Entangled Matter

Entangled Matter is an evolving installation work that highlights our connections with everything and everyone and the fragility of these links in the age of the Anthropocene, an era defined by human impact and environmental crisis.
Susan Sontag spoke of photographers as “collectors’ and Grounds methodically collects images, representing the internal and external aspects of her existence. She then carefully weaves these documentations into rhizomatic wire spheres.
Through the site-specific hanging of these sculptures, she creates cosmic and atomic, rhizomatic landscapes of her world. Each time it is exhibited, the work grows, every hanging, the work is different, emphasising the post structuralist ideas of fluidity and multiplicity. The opacity of the sculptures means they overlap and separate as viewers walk around them, allowing the viewers to become active participants in the work, being seen in and through the spheres, entangled within the network.

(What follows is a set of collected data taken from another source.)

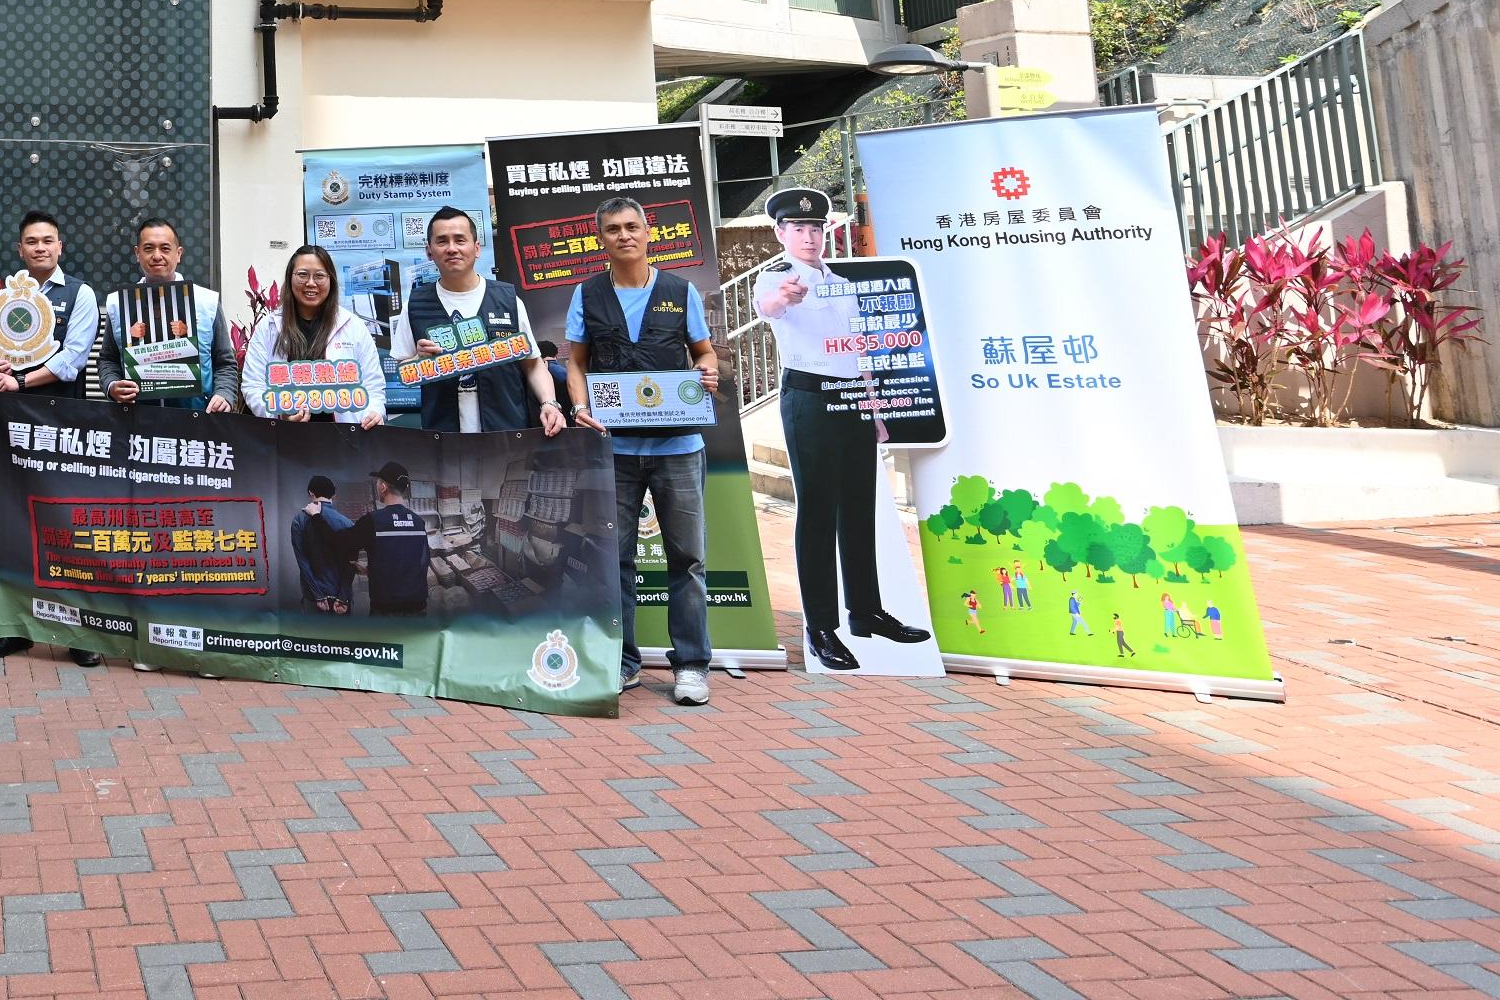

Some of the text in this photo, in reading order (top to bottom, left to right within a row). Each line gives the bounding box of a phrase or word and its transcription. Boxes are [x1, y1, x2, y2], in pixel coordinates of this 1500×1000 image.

[506, 154, 690, 184] 買賣私煙 均屬違法
[358, 190, 451, 200] Duty Stamp System
[508, 186, 538, 197] Buying
[552, 183, 582, 194] selling
[582, 181, 604, 191] illicit
[606, 179, 650, 190] cigarettes
[652, 179, 660, 188] is
[662, 177, 691, 187] illegal
[935, 204, 1102, 229] 香港房屋委員會
[900, 224, 1152, 252] Hong Kong Housing Authority
[534, 268, 572, 282] $2 million
[816, 278, 912, 297] 帶超額煙酒入境
[860, 293, 915, 312] 不報關
[850, 313, 918, 332] 罰款最少
[428, 319, 486, 350] 海關
[824, 330, 922, 354] HK$5,000
[980, 334, 1098, 365] 蘇屋邨
[857, 352, 926, 371] 甚或坐監
[268, 362, 360, 386] 舉報熱線
[821, 375, 929, 390] Undeclared excessive
[971, 372, 1122, 389] So Uk Estate
[264, 388, 368, 411] 1828080
[840, 390, 868, 400] liquor
[881, 387, 919, 396] tobacco
[826, 403, 848, 412] from
[915, 396, 934, 404] fine
[861, 408, 936, 420] to imprisonment
[7, 420, 235, 471] 買賣私煙 均屬違法
[12, 454, 232, 489] Buying or selling illicit cigarettes is illegal
[49, 566, 62, 577] $2
[63, 568, 94, 580] million
[136, 572, 144, 582] 7
[146, 572, 178, 585] years'
[181, 570, 256, 583] imprisonment
[83, 615, 133, 632] 182 8080
[152, 626, 201, 640] 舉報電郵
[206, 634, 398, 661] crimereport@customs.gov.hk
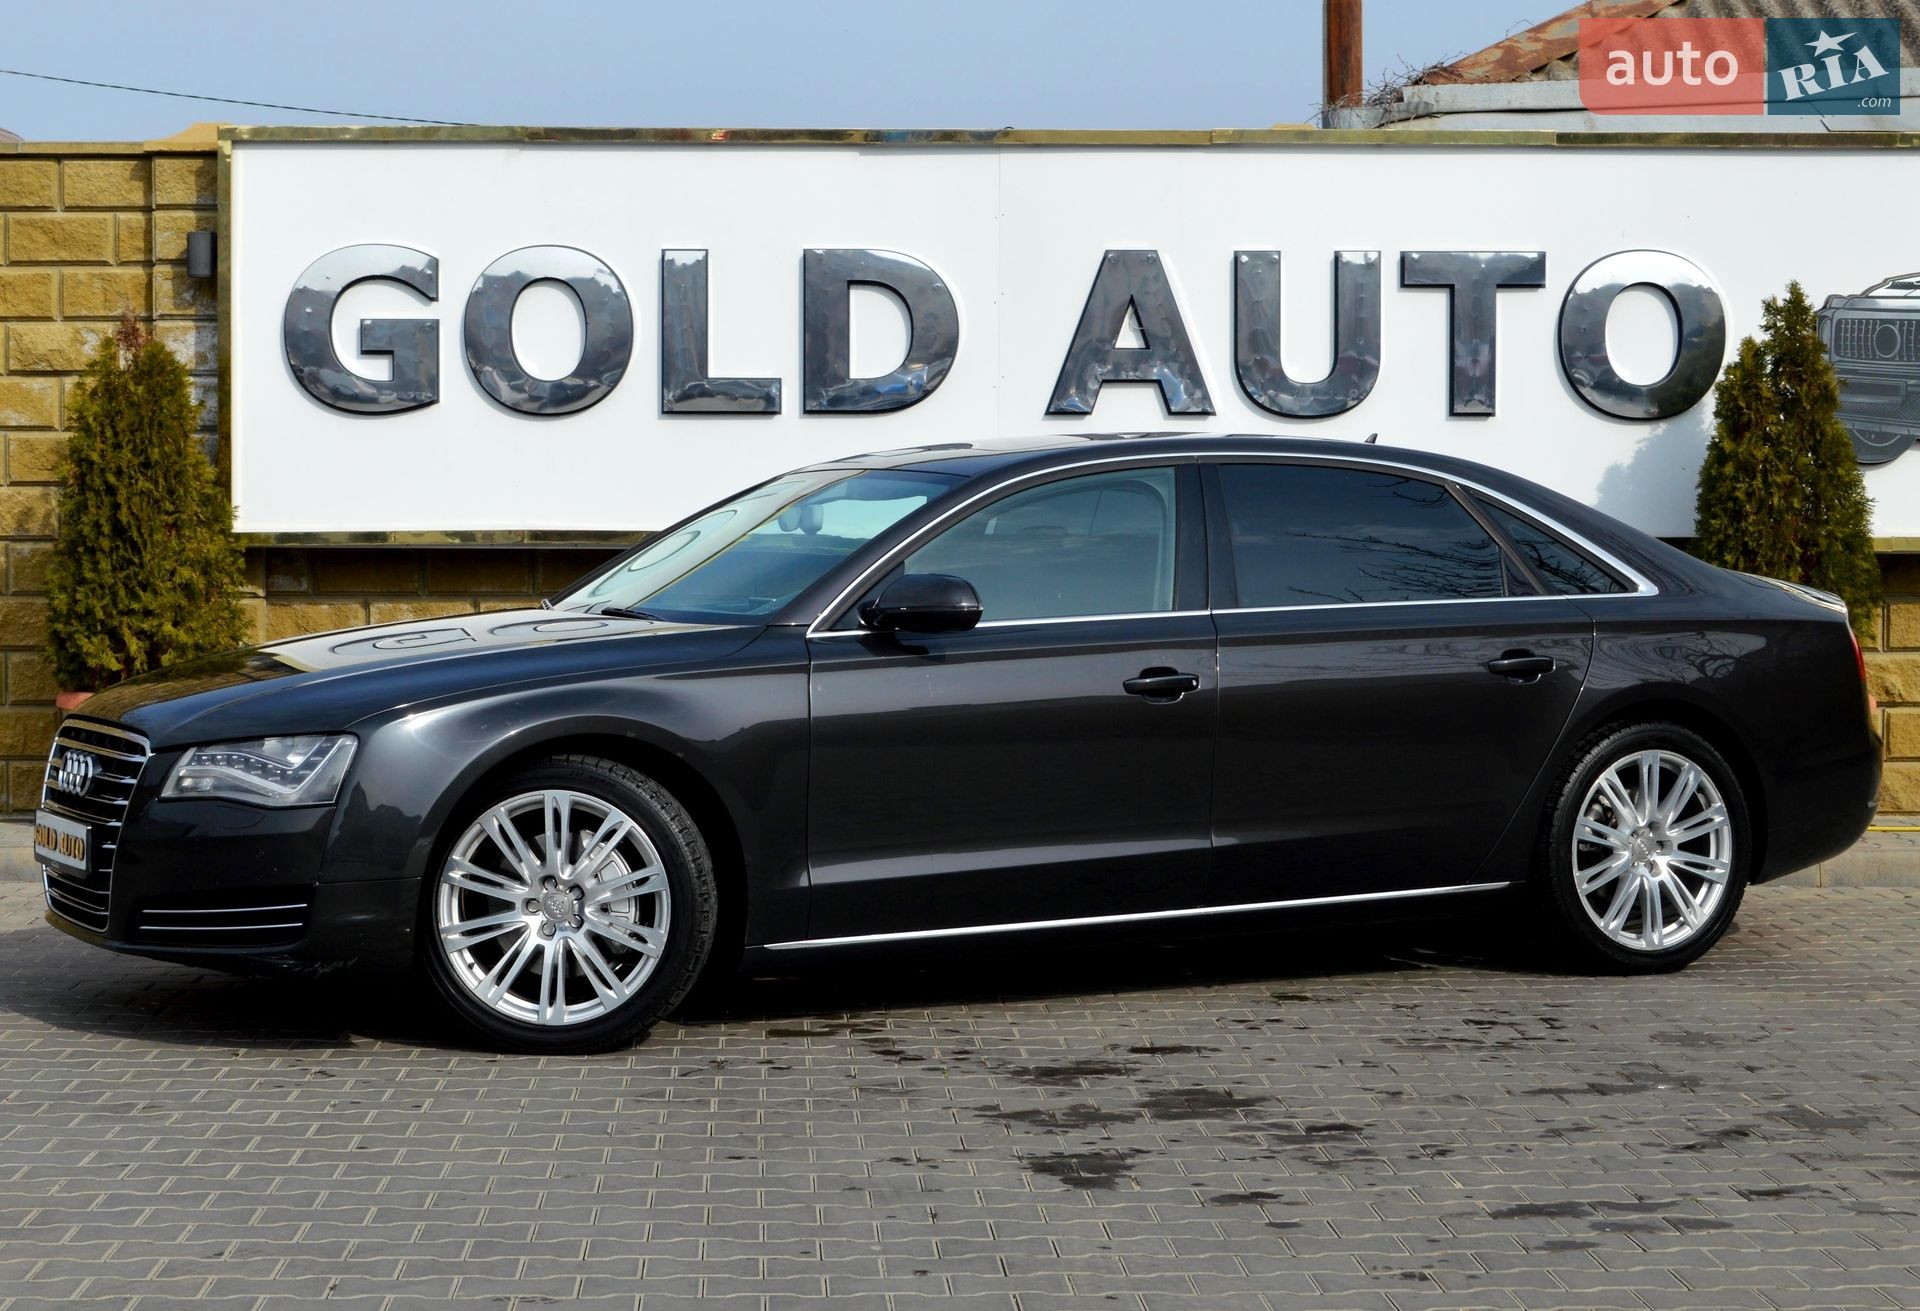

Drawing from Donna Haraway’s notion of ‘situated knowledges,’ Grounds emphasizes that understanding our interconnectedness demands acknowledging our own partial perspectives. How we each experience this interconnectedness, be it with humans, non-human life, or the environment, is grounded in our own bodily and social experiences. No single perspective captures the whole picture, no single person can tell the whole story. Instead, each of us carries unique, embodied insights shaped by our specific circumstances, histories, and positions. To emphasis this personal perspective, in each column, Grounds has a sphere representing herself.
The work invites viewers to reflect on what spheres would make up their own lives and the larger socio-political and ecological systems that influence these valuations. It poses critical questions around politics, society, and nature, encouraging a deeper, more embodied critic of our place within life on Earth.